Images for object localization
= Beginning of Section =
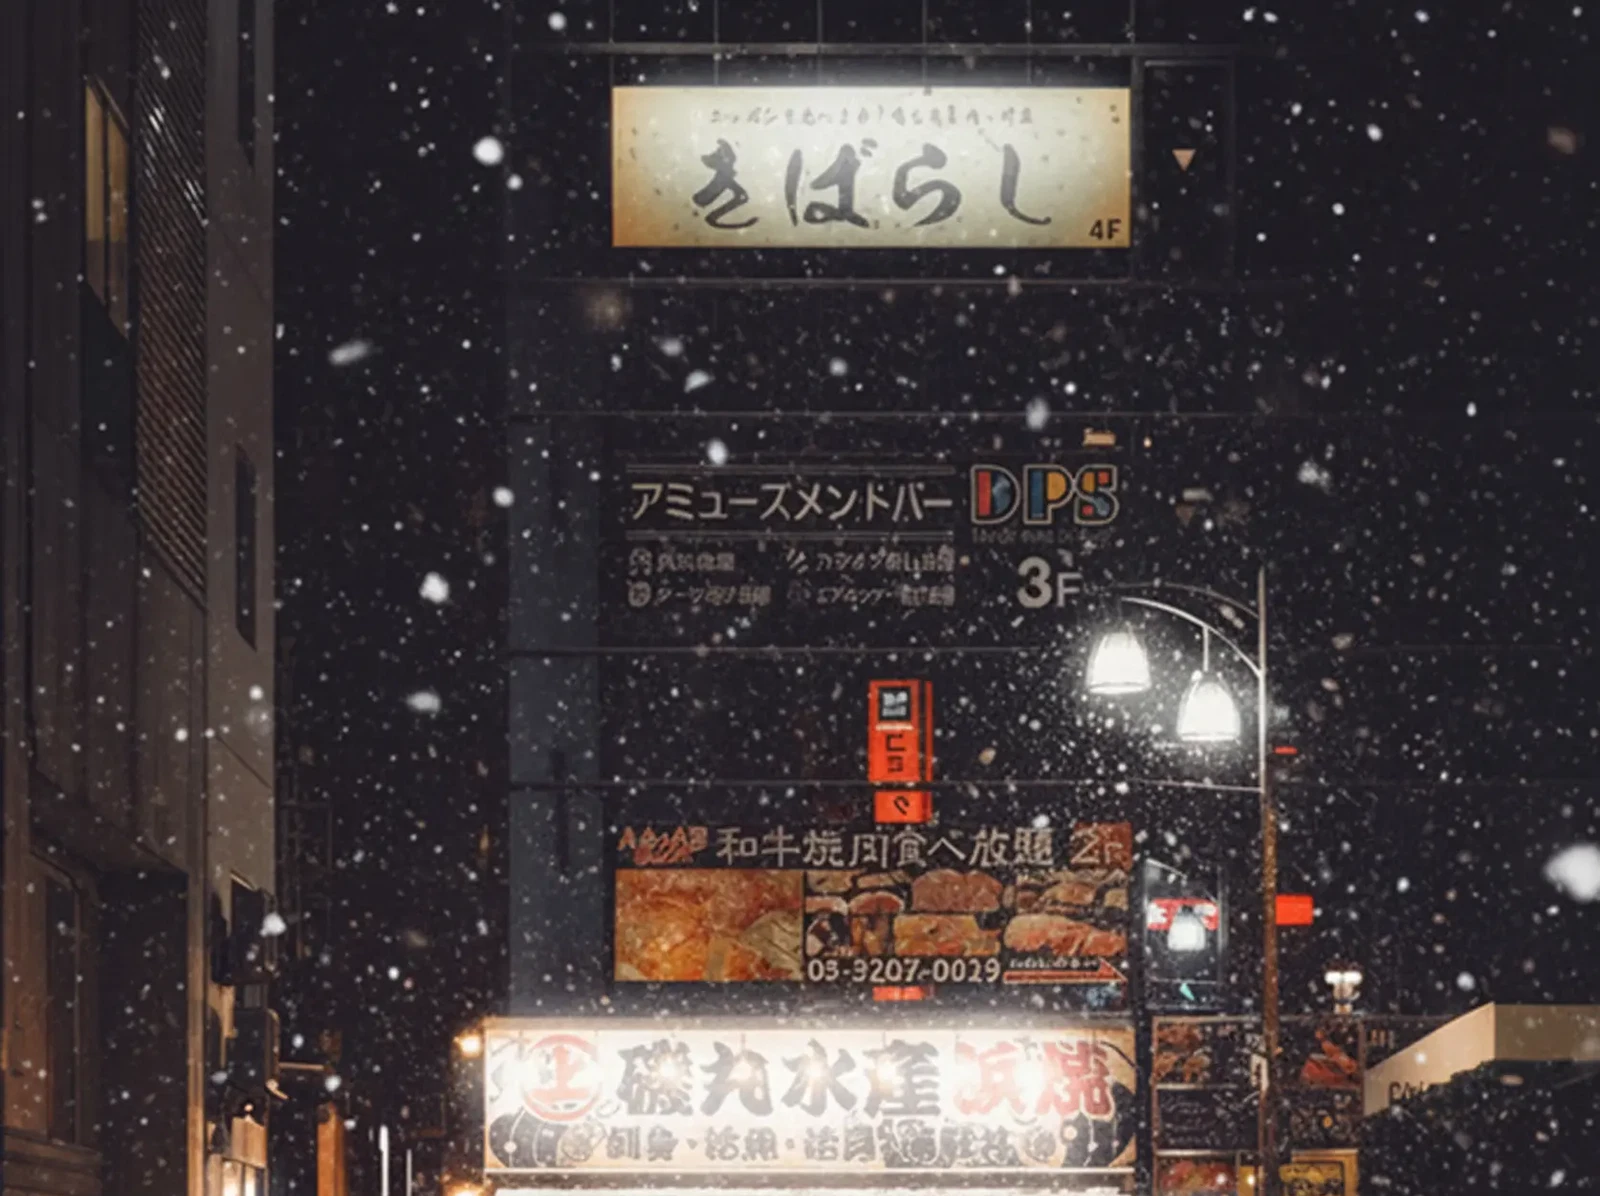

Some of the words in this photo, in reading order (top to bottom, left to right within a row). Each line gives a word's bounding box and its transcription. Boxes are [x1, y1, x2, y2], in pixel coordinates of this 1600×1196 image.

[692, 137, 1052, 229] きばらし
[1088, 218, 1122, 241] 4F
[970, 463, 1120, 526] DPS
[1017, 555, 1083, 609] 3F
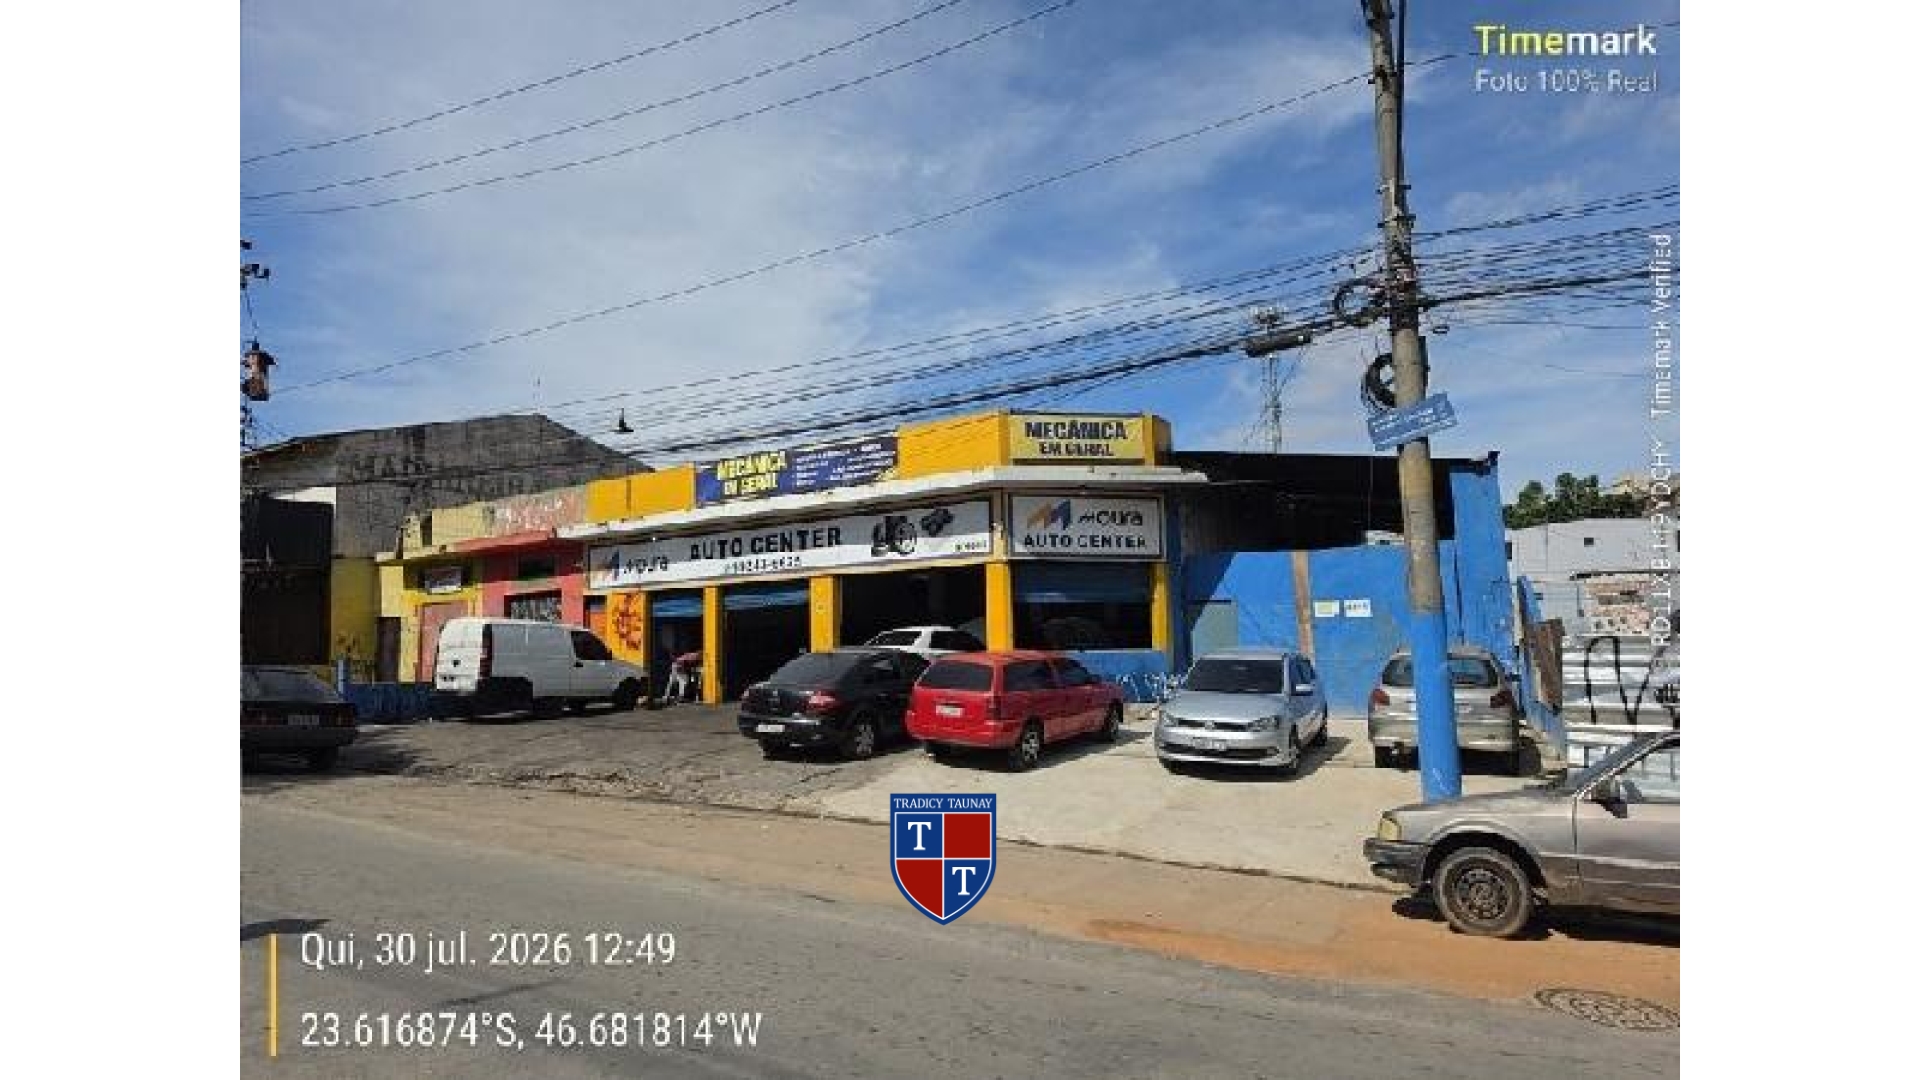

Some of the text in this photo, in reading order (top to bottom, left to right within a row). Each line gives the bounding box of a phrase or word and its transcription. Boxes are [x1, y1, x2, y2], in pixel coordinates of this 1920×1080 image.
= End of Section =
▸ **YOUR OBJECTIVE**
Keep the pictures out of your copy, and repeat every entry above exactly.

▸ **SOLUTION TO THIS EXERCISE**
Some of the words in this photo, in reading order (top to bottom, left to right within a row). Each line gives a word's bounding box and its transcription. Boxes are [x1, y1, x2, y2], in pixel coordinates of this 1600×1196 image.

[692, 137, 1052, 229] きばらし
[1088, 218, 1122, 241] 4F
[970, 463, 1120, 526] DPS
[1017, 555, 1083, 609] 3F

Some of the text in this photo, in reading order (top to bottom, left to right within a row). Each line gives the bounding box of a phrase or word and its transcription. Boxes are [x1, y1, x2, y2], in pixel coordinates of this 1920×1080 image.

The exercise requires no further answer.